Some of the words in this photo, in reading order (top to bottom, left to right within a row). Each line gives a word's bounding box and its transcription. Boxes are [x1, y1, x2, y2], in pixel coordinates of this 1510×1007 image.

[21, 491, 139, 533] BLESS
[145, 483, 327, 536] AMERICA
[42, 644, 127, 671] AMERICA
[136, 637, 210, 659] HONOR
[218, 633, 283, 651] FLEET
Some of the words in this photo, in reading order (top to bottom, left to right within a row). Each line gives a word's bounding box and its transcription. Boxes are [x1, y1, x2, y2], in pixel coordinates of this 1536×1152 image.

==*==

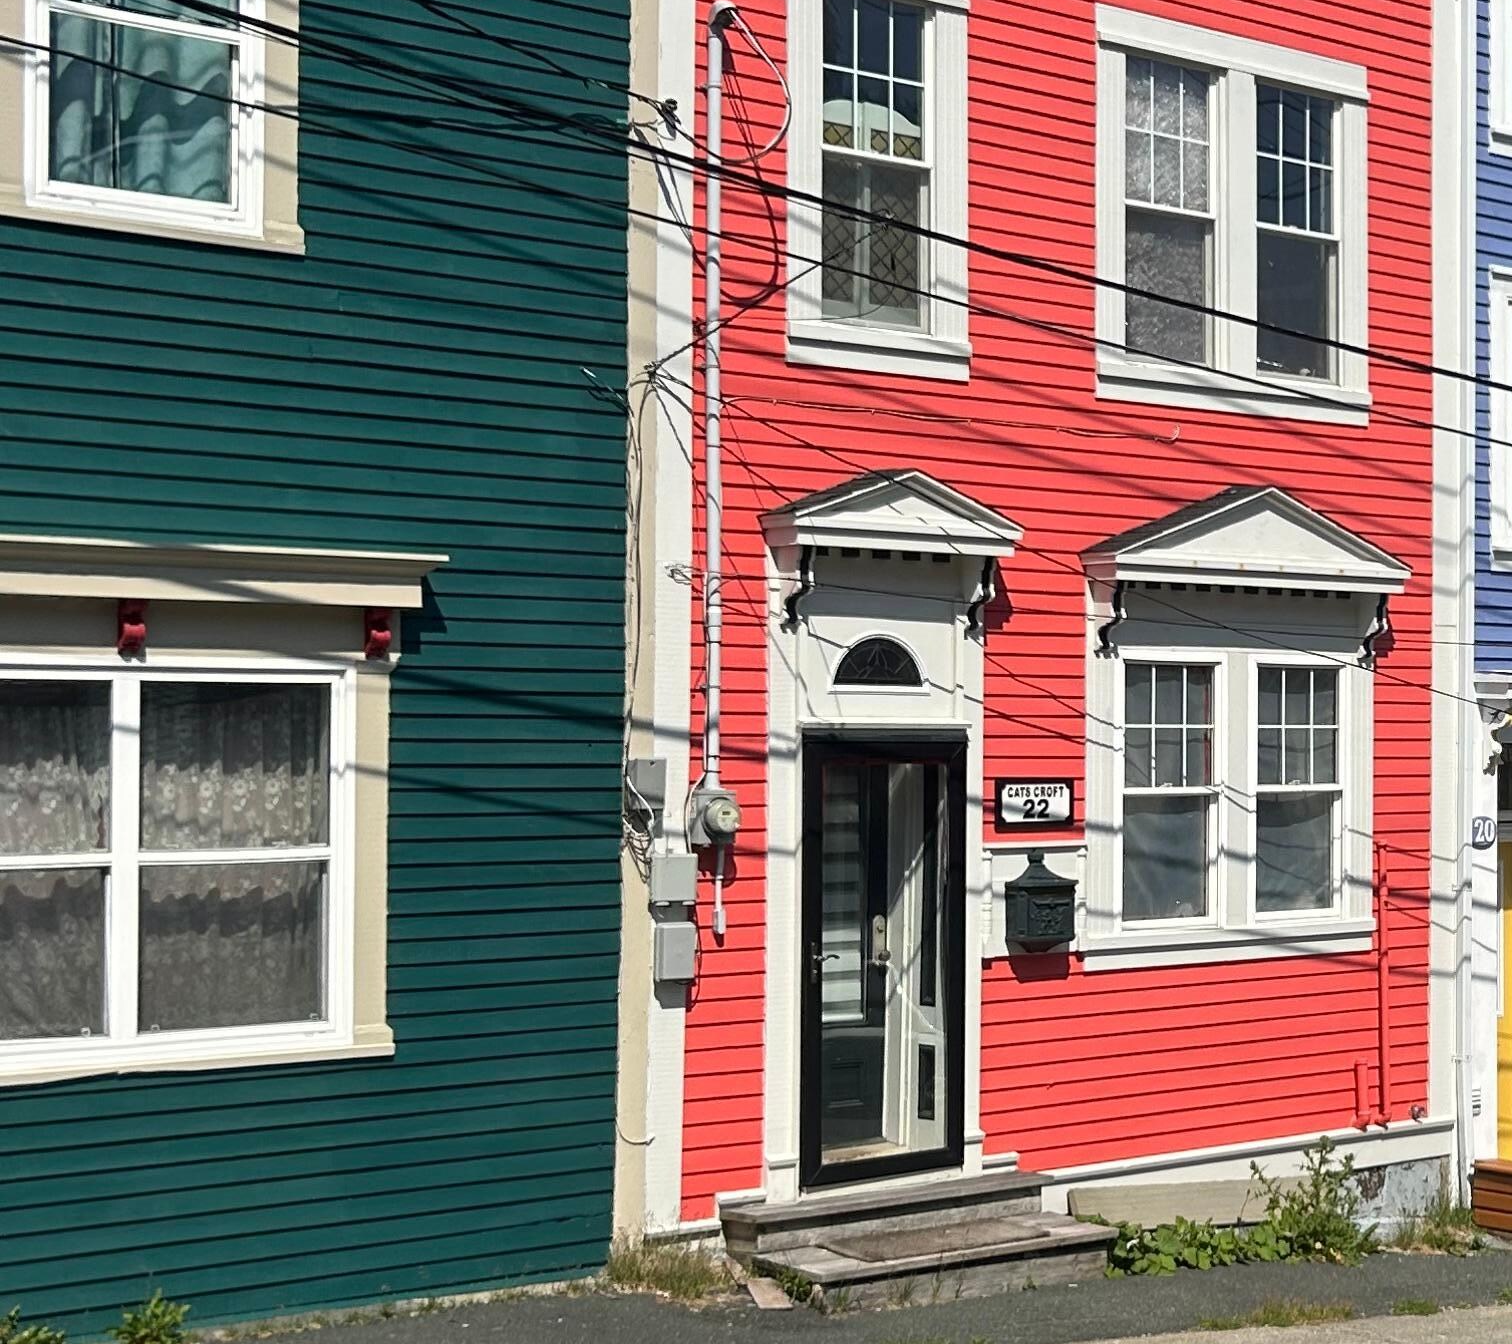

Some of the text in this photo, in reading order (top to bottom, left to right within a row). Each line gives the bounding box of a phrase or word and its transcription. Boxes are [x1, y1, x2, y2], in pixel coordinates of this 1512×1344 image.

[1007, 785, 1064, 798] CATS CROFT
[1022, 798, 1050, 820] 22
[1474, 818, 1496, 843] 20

==*==

• Task statement:
Among the records above, a stretch begins at the line containing "this 1510×1007 image." and ends at the line containing "this 1536×1152 image.". Restate that stretch word for word, and nothing else.

• Solution:
Some of the words in this photo, in reading order (top to bottom, left to right within a row). Each line gives a word's bounding box and its transcription. Boxes are [x1, y1, x2, y2], in pixel coordinates of this 1510×1007 image.

[21, 491, 139, 533] BLESS
[145, 483, 327, 536] AMERICA
[42, 644, 127, 671] AMERICA
[136, 637, 210, 659] HONOR
[218, 633, 283, 651] FLEET
Some of the words in this photo, in reading order (top to bottom, left to right within a row). Each line gives a word's bounding box and its transcription. Boxes are [x1, y1, x2, y2], in pixel coordinates of this 1536×1152 image.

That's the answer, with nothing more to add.